» **Task objective**
Could you return each entry below exactly as written, minus any pictures?

» **Referring expression grounding data**
####
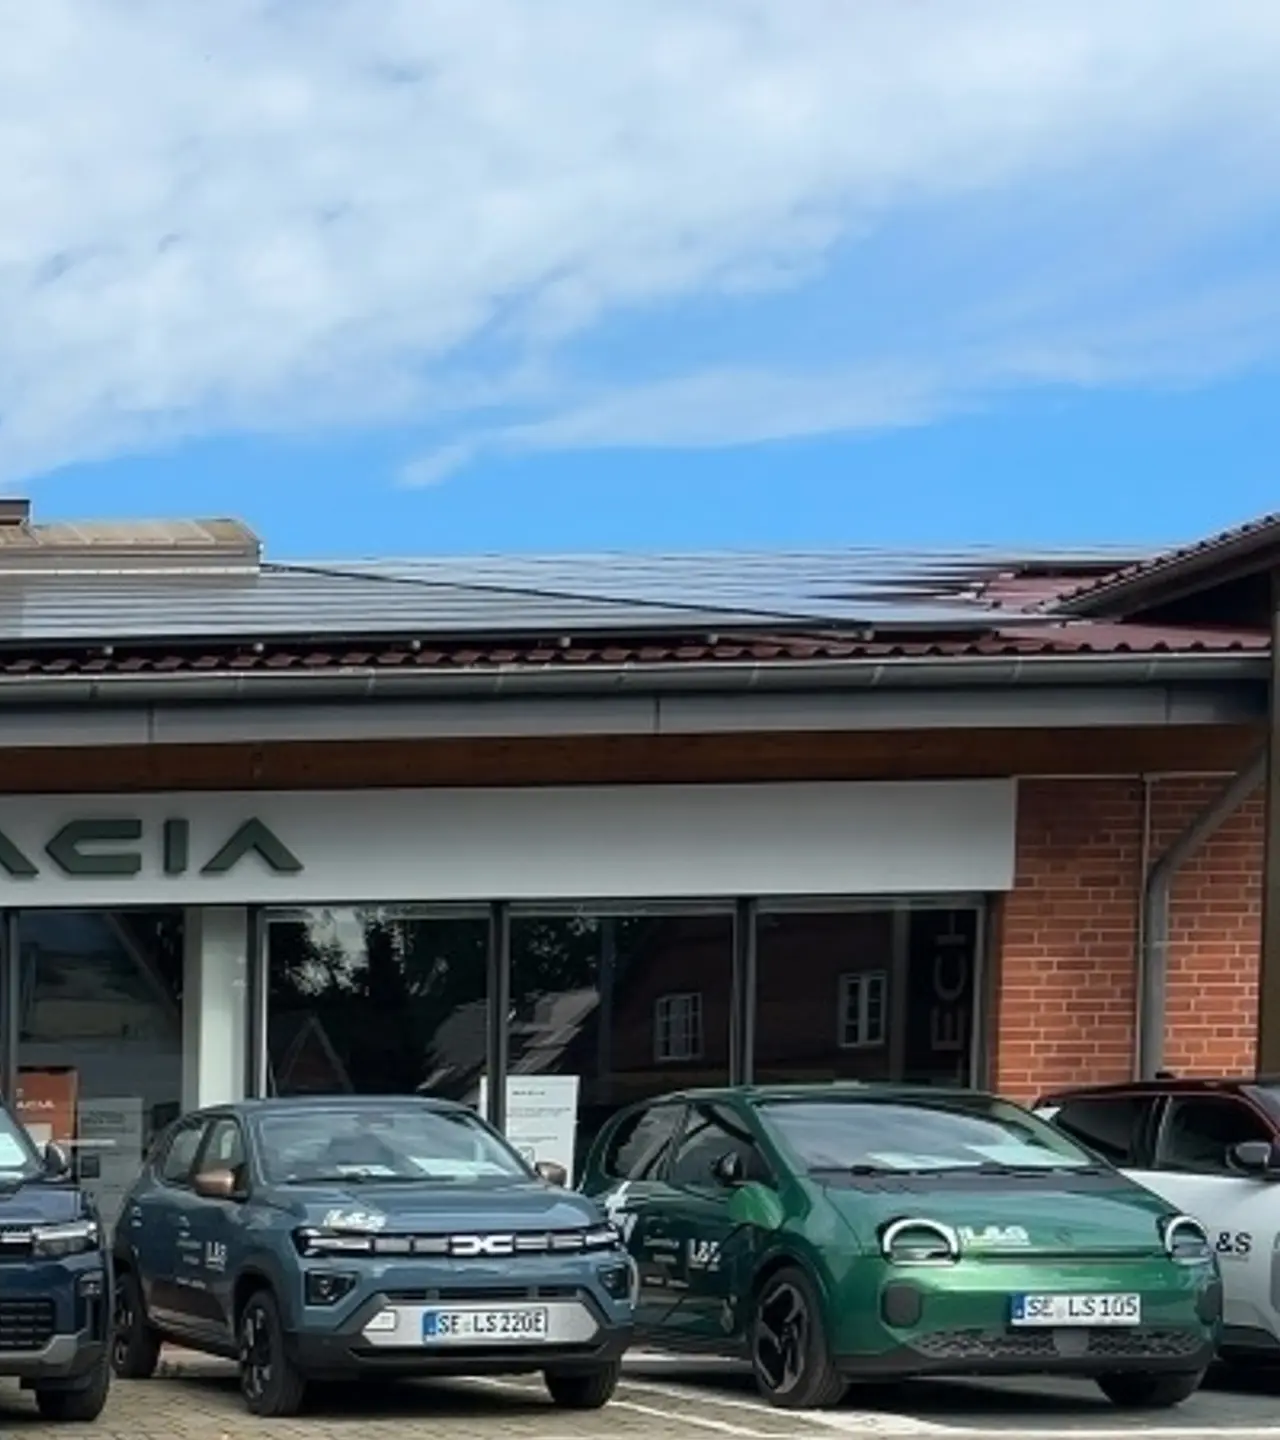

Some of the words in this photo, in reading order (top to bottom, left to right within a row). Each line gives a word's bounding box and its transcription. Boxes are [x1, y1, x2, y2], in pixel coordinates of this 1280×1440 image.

[1215, 1231, 1252, 1254] &S
[1026, 1297, 1054, 1317] SE
[1068, 1297, 1096, 1317] LS
[1098, 1295, 1138, 1317] 105
[438, 1314, 461, 1335] SE
[473, 1314, 498, 1333] LS
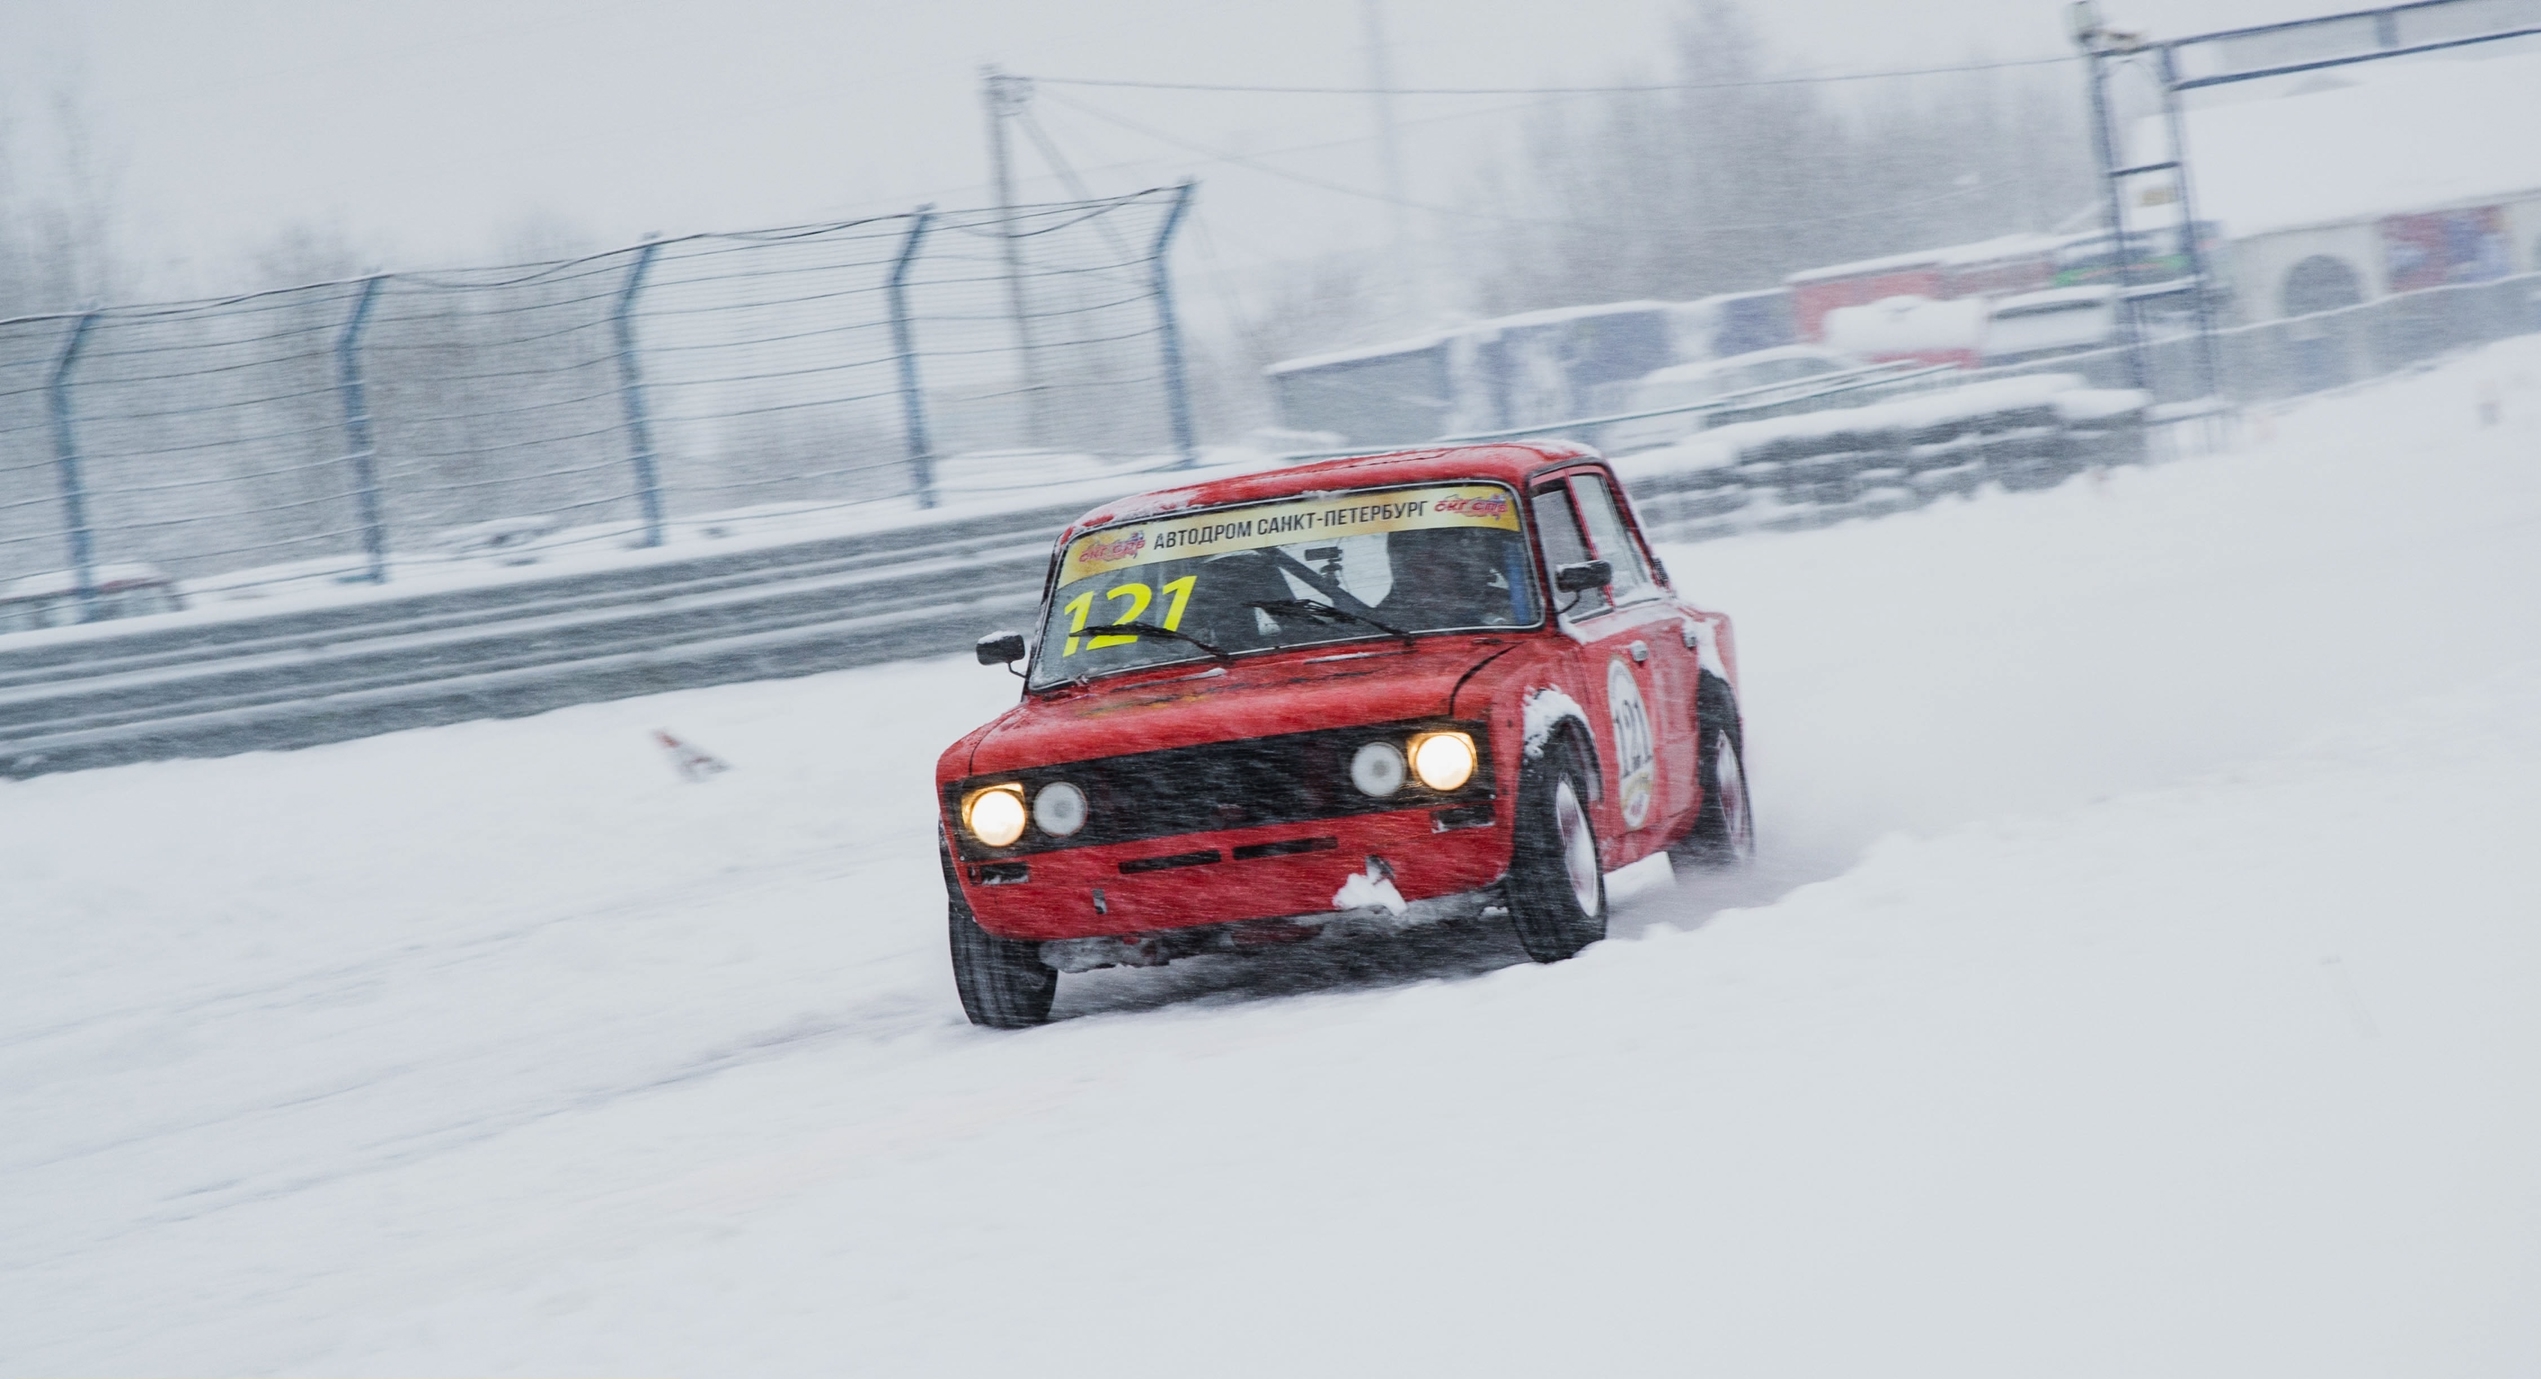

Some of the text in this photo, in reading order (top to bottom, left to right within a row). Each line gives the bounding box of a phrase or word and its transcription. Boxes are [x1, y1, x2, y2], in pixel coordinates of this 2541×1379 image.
####
» **Answer to the exercise**
Some of the words in this photo, in reading order (top to bottom, left to right within a row). Each line gives a word's bounding box and its transcription. Boxes are [x1, y1, x2, y2], in pixel coordinates of this 1280×1440 image.

[1215, 1231, 1252, 1254] &S
[1026, 1297, 1054, 1317] SE
[1068, 1297, 1096, 1317] LS
[1098, 1295, 1138, 1317] 105
[438, 1314, 461, 1335] SE
[473, 1314, 498, 1333] LS

Some of the text in this photo, in reading order (top to bottom, left to right within a row). Each line gives the bounding box of a phrase or word and its transcription. Boxes are [x1, y1, x2, y2], in pixel coordinates of this 2541×1379 image.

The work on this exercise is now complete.